According to our Cybersafe instructor, Edith Byrne, there are some steps which can be learned to help end-users to avoid the most common traps. Edith covers this content in the Cybersafe training, a 1-day course that aims to train users to identify potential risks. We gathered below some important topics and tips on how to be Cybersafe from the end-user perspective.
Two important rules for passwords:
- It shouldn’t be the same for all accounts (even one different character, for example, a “#” instead of a “!” can make a difference).
- Don’t write passwords down, if you need to do it to remember, you should store it somewhere safe, e.g. lockbox.
Social Engineering it's when the attacker tries to trick the victim by presenting themselves as someone who is trustable to get access to the network and steal sensitive information. That’s is an important topic which should be discussed in all companies to prevent attacks.
Some Types of Social Engineering:
- Phishing (misrepresenting themselves via e-mail)
- Spear Phishing (targeting specific individual group or person, for example, Finance/IT department)
- Whaling (researched and directed phishing attack targeting c-level executive or high-profile individual)
- Vishing (attack performed by phone (voice) rather than e-mail)
Social Engineering Tips
Even though is quite tricky to identify a social engineer attack, it’s possible to perform some actions to avoid becoming a victim of it.
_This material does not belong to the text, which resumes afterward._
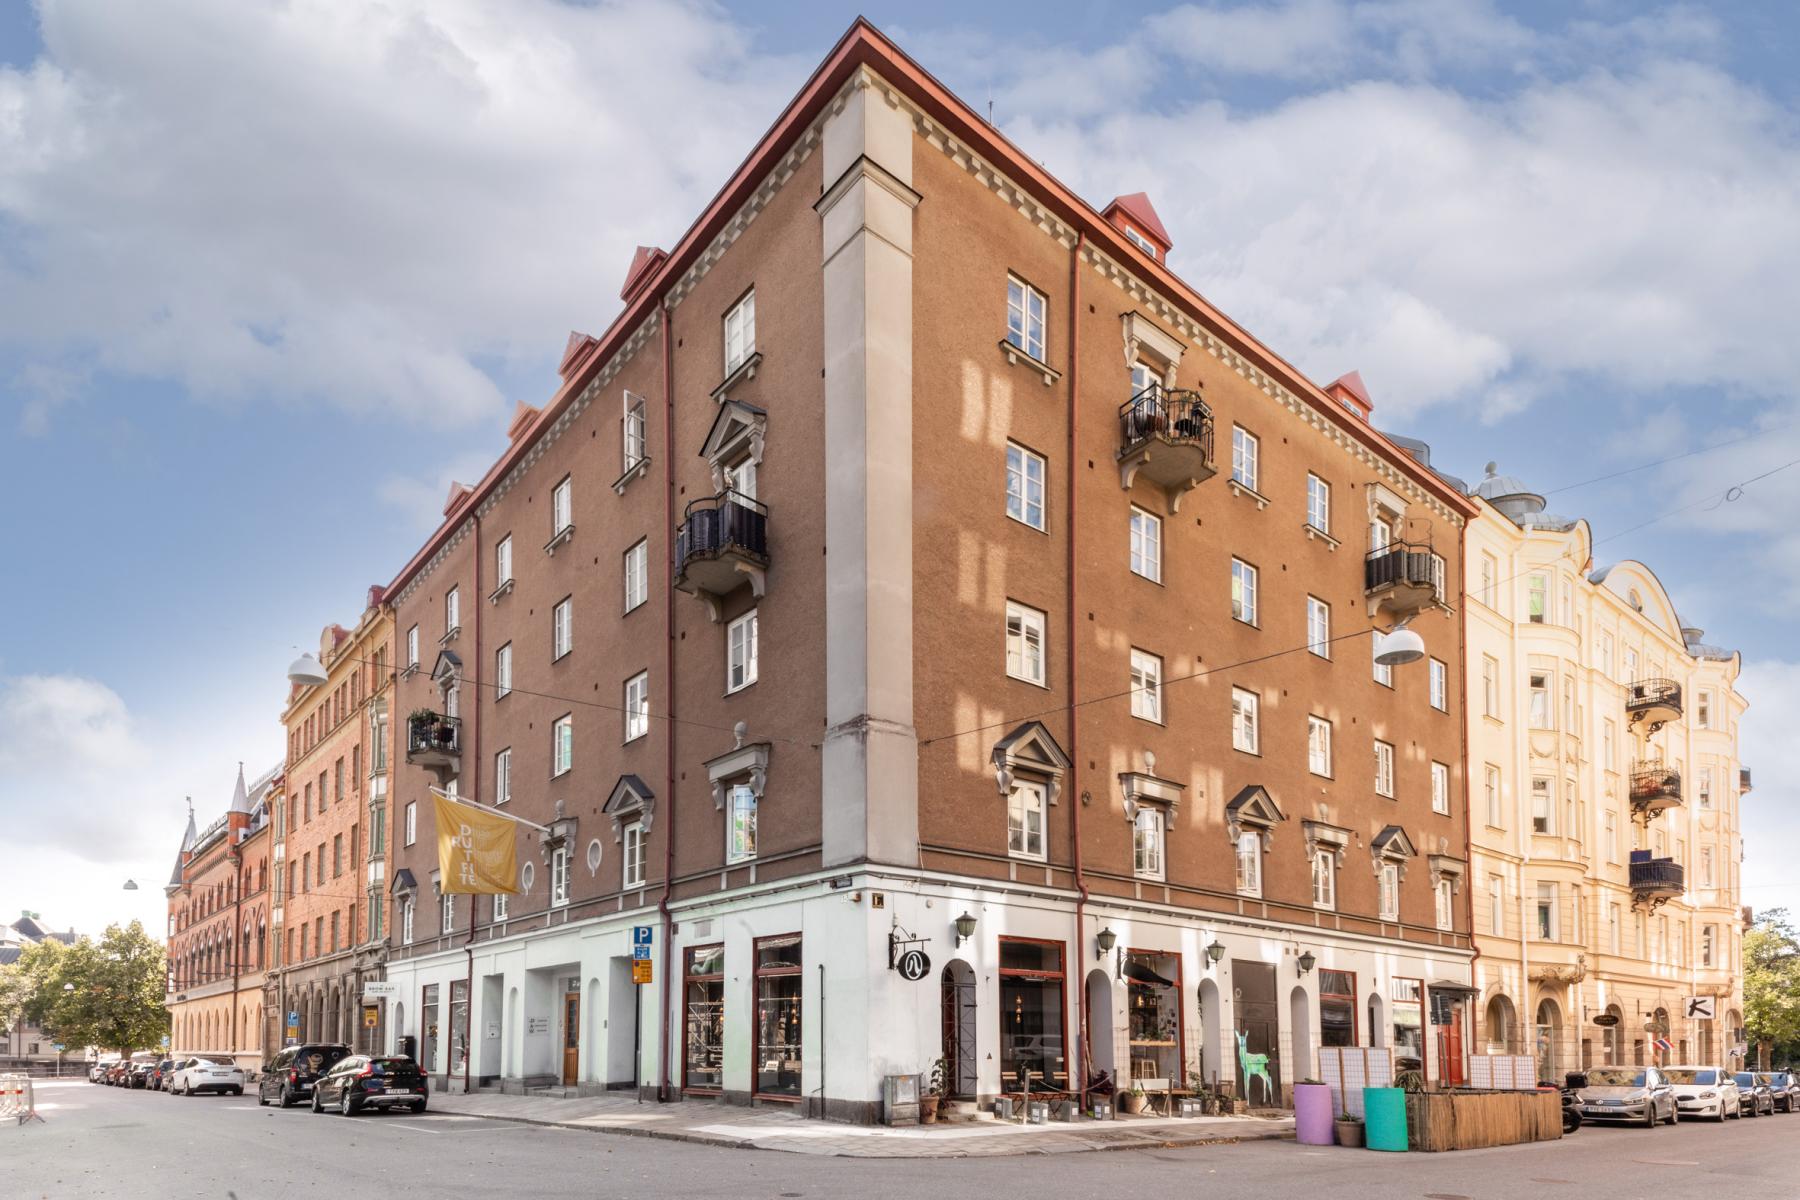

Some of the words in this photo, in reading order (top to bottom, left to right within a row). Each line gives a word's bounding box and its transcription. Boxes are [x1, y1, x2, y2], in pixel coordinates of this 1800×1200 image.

[460, 824, 472, 836] D
[464, 850, 473, 862] T
[640, 928, 649, 942] P
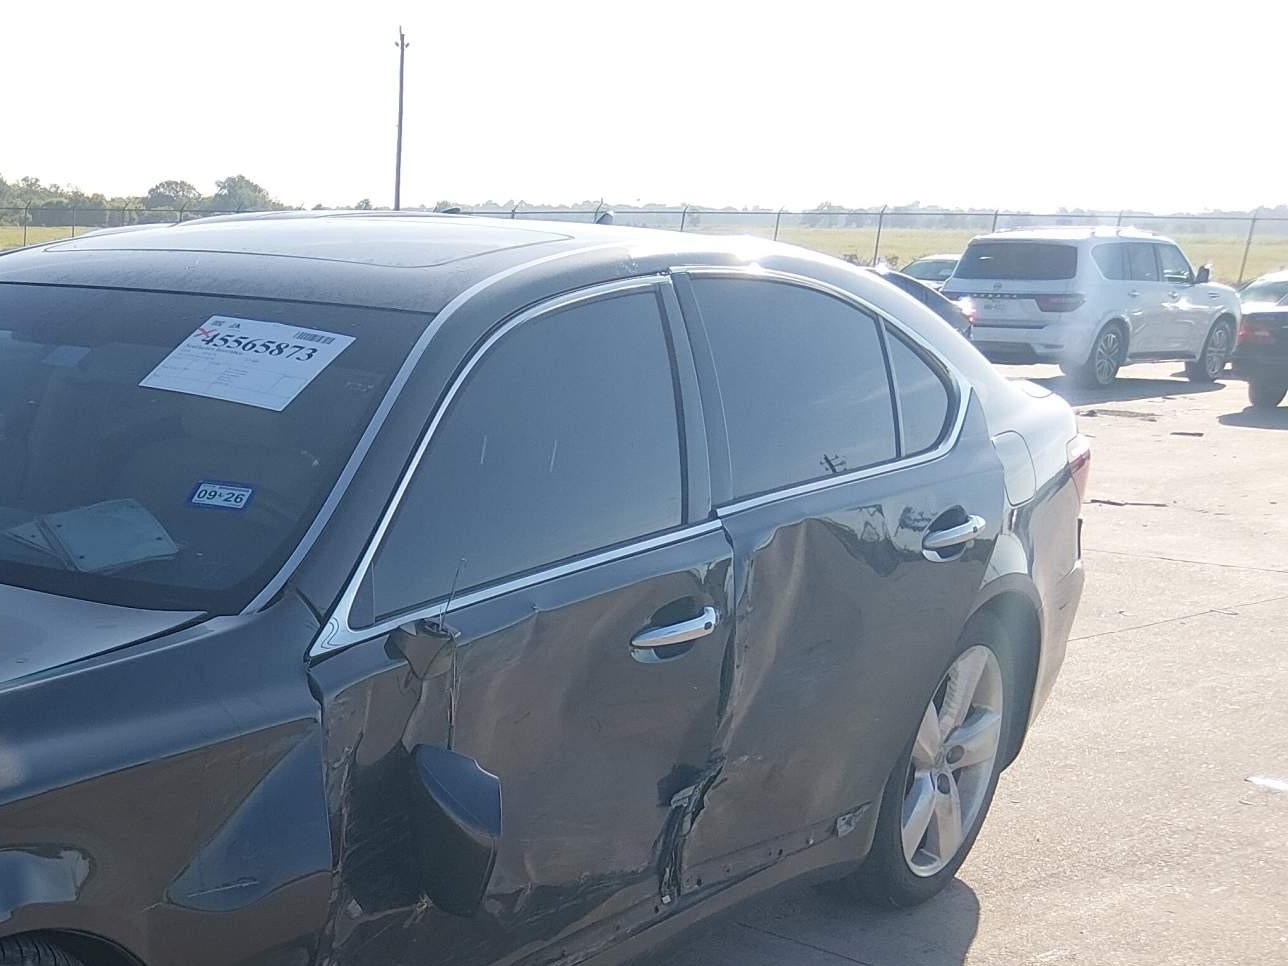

- Double-check email addresses and phone numbers
- Don’t click on external links displayed in emails if you haven’t changed emails with that contact before. Some of these attacks can happen from senders that you trust, for example, Microsoft, Apple, Google.
- Be extra careful with your social media accounts, phishing attacks are more likely to happen on LinkedIn.
Click here to read a recent example from Windows 10 snake phishing attack.
Some social engineering naming that you should get familiar with
- Impersonation (pretending to be someone else)
- Shoulder serving (watching/ recording someone while they type in their password)
- Pharming (redirecting web traffic)
- Dumpster diving (literally searching the trash for written down passwords)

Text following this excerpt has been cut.